▸ Problem requirements: The entries below must be copied exactly as they are.

== Segment start ==

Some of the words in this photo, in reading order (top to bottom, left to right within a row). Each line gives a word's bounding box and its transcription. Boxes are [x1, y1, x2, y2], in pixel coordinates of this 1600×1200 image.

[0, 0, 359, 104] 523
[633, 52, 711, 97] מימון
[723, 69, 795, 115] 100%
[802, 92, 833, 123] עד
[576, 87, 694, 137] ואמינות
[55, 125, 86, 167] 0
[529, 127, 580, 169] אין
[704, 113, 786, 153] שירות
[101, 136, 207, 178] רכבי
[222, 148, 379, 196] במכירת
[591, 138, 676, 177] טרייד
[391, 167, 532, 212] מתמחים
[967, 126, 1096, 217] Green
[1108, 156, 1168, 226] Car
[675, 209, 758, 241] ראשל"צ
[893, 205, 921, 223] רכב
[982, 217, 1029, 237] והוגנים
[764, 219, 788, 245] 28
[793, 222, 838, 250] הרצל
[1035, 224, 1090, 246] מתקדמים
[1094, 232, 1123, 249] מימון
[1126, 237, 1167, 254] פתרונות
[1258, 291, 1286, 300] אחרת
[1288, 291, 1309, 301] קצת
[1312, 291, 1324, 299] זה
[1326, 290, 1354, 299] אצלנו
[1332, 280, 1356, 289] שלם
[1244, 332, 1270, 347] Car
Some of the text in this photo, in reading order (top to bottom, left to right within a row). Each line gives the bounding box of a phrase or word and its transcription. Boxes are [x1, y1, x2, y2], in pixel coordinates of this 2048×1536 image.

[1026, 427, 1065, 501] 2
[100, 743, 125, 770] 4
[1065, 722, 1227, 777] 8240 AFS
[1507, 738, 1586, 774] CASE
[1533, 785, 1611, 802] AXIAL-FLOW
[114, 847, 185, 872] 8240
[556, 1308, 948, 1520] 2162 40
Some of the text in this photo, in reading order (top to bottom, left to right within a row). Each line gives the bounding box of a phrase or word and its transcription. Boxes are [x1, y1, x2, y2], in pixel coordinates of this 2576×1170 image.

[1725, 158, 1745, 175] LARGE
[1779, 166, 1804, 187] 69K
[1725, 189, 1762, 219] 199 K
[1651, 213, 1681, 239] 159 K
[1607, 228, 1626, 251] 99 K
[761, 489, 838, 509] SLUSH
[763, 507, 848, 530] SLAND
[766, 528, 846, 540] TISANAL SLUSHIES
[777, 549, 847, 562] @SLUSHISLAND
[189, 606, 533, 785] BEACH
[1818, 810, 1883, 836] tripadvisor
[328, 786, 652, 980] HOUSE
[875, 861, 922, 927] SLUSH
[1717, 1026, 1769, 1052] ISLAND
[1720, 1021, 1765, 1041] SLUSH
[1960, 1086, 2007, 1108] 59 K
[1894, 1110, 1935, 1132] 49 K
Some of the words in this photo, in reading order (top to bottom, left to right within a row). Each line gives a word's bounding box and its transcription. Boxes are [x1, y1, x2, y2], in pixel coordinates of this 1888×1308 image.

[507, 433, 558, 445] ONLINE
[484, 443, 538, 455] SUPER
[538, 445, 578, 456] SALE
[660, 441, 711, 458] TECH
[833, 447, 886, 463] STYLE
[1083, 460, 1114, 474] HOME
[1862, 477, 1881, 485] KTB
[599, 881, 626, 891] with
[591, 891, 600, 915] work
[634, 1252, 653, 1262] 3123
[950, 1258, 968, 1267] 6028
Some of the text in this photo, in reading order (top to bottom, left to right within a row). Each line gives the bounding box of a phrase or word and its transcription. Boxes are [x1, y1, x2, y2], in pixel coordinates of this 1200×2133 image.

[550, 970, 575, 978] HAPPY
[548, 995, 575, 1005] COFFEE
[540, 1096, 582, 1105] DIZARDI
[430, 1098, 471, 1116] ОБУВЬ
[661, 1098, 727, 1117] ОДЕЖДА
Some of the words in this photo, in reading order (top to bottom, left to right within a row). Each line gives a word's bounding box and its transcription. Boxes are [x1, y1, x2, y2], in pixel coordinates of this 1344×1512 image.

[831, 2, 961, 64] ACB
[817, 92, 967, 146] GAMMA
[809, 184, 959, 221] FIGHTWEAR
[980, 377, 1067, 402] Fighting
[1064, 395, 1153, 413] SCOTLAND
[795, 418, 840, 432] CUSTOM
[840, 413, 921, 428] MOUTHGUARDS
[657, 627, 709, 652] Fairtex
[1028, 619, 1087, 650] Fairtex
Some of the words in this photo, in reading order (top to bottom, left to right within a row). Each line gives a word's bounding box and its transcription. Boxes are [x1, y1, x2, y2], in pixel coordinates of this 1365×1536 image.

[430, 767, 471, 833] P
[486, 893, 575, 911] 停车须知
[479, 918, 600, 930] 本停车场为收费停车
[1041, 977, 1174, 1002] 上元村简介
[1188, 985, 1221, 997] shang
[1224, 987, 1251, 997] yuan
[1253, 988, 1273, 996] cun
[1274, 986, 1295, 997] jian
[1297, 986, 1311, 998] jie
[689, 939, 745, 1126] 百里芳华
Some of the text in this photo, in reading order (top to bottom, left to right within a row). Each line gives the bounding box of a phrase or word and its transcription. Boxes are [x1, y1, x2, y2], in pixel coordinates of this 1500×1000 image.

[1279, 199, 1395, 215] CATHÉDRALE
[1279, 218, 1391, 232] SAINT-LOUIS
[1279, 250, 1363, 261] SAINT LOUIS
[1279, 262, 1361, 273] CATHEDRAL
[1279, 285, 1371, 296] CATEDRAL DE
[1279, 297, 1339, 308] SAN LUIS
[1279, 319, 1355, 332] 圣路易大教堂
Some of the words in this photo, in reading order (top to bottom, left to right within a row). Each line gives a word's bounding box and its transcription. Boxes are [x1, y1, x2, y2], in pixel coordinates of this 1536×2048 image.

== Segment end ==

▸ Written reply:
Some of the words in this photo, in reading order (top to bottom, left to right within a row). Each line gives a word's bounding box and its transcription. Boxes are [x1, y1, x2, y2], in pixel coordinates of this 1600×1200 image.

[0, 0, 359, 104] 523
[633, 52, 711, 97] מימון
[723, 69, 795, 115] 100%
[802, 92, 833, 123] עד
[576, 87, 694, 137] ואמינות
[55, 125, 86, 167] 0
[529, 127, 580, 169] אין
[704, 113, 786, 153] שירות
[101, 136, 207, 178] רכבי
[222, 148, 379, 196] במכירת
[591, 138, 676, 177] טרייד
[391, 167, 532, 212] מתמחים
[967, 126, 1096, 217] Green
[1108, 156, 1168, 226] Car
[675, 209, 758, 241] ראשל"צ
[893, 205, 921, 223] רכב
[982, 217, 1029, 237] והוגנים
[764, 219, 788, 245] 28
[793, 222, 838, 250] הרצל
[1035, 224, 1090, 246] מתקדמים
[1094, 232, 1123, 249] מימון
[1126, 237, 1167, 254] פתרונות
[1258, 291, 1286, 300] אחרת
[1288, 291, 1309, 301] קצת
[1312, 291, 1324, 299] זה
[1326, 290, 1354, 299] אצלנו
[1332, 280, 1356, 289] שלם
[1244, 332, 1270, 347] Car
Some of the text in this photo, in reading order (top to bottom, left to right within a row). Each line gives the bounding box of a phrase or word and its transcription. Boxes are [x1, y1, x2, y2], in pixel coordinates of this 2048×1536 image.

[1026, 427, 1065, 501] 2
[100, 743, 125, 770] 4
[1065, 722, 1227, 777] 8240 AFS
[1507, 738, 1586, 774] CASE
[1533, 785, 1611, 802] AXIAL-FLOW
[114, 847, 185, 872] 8240
[556, 1308, 948, 1520] 2162 40
Some of the text in this photo, in reading order (top to bottom, left to right within a row). Each line gives the bounding box of a phrase or word and its transcription. Boxes are [x1, y1, x2, y2], in pixel coordinates of this 2576×1170 image.

[1725, 158, 1745, 175] LARGE
[1779, 166, 1804, 187] 69K
[1725, 189, 1762, 219] 199 K
[1651, 213, 1681, 239] 159 K
[1607, 228, 1626, 251] 99 K
[761, 489, 838, 509] SLUSH
[763, 507, 848, 530] SLAND
[766, 528, 846, 540] TISANAL SLUSHIES
[777, 549, 847, 562] @SLUSHISLAND
[189, 606, 533, 785] BEACH
[1818, 810, 1883, 836] tripadvisor
[328, 786, 652, 980] HOUSE
[875, 861, 922, 927] SLUSH
[1717, 1026, 1769, 1052] ISLAND
[1720, 1021, 1765, 1041] SLUSH
[1960, 1086, 2007, 1108] 59 K
[1894, 1110, 1935, 1132] 49 K
Some of the words in this photo, in reading order (top to bottom, left to right within a row). Each line gives a word's bounding box and its transcription. Boxes are [x1, y1, x2, y2], in pixel coordinates of this 1888×1308 image.

[507, 433, 558, 445] ONLINE
[484, 443, 538, 455] SUPER
[538, 445, 578, 456] SALE
[660, 441, 711, 458] TECH
[833, 447, 886, 463] STYLE
[1083, 460, 1114, 474] HOME
[1862, 477, 1881, 485] KTB
[599, 881, 626, 891] with
[591, 891, 600, 915] work
[634, 1252, 653, 1262] 3123
[950, 1258, 968, 1267] 6028
Some of the text in this photo, in reading order (top to bottom, left to right within a row). Each line gives the bounding box of a phrase or word and its transcription. Boxes are [x1, y1, x2, y2], in pixel coordinates of this 1200×2133 image.

[550, 970, 575, 978] HAPPY
[548, 995, 575, 1005] COFFEE
[540, 1096, 582, 1105] DIZARDI
[430, 1098, 471, 1116] ОБУВЬ
[661, 1098, 727, 1117] ОДЕЖДА
Some of the words in this photo, in reading order (top to bottom, left to right within a row). Each line gives a word's bounding box and its transcription. Boxes are [x1, y1, x2, y2], in pixel coordinates of this 1344×1512 image.

[831, 2, 961, 64] ACB
[817, 92, 967, 146] GAMMA
[809, 184, 959, 221] FIGHTWEAR
[980, 377, 1067, 402] Fighting
[1064, 395, 1153, 413] SCOTLAND
[795, 418, 840, 432] CUSTOM
[840, 413, 921, 428] MOUTHGUARDS
[657, 627, 709, 652] Fairtex
[1028, 619, 1087, 650] Fairtex
Some of the words in this photo, in reading order (top to bottom, left to right within a row). Each line gives a word's bounding box and its transcription. Boxes are [x1, y1, x2, y2], in pixel coordinates of this 1365×1536 image.

[430, 767, 471, 833] P
[486, 893, 575, 911] 停车须知
[479, 918, 600, 930] 本停车场为收费停车
[1041, 977, 1174, 1002] 上元村简介
[1188, 985, 1221, 997] shang
[1224, 987, 1251, 997] yuan
[1253, 988, 1273, 996] cun
[1274, 986, 1295, 997] jian
[1297, 986, 1311, 998] jie
[689, 939, 745, 1126] 百里芳华
Some of the text in this photo, in reading order (top to bottom, left to right within a row). Each line gives the bounding box of a phrase or word and its transcription. Boxes are [x1, y1, x2, y2], in pixel coordinates of this 1500×1000 image.

[1279, 199, 1395, 215] CATHÉDRALE
[1279, 218, 1391, 232] SAINT-LOUIS
[1279, 250, 1363, 261] SAINT LOUIS
[1279, 262, 1361, 273] CATHEDRAL
[1279, 285, 1371, 296] CATEDRAL DE
[1279, 297, 1339, 308] SAN LUIS
[1279, 319, 1355, 332] 圣路易大教堂
Some of the words in this photo, in reading order (top to bottom, left to right within a row). Each line gives a word's bounding box and its transcription. Boxes are [x1, y1, x2, y2], in pixel coordinates of this 1536×2048 image.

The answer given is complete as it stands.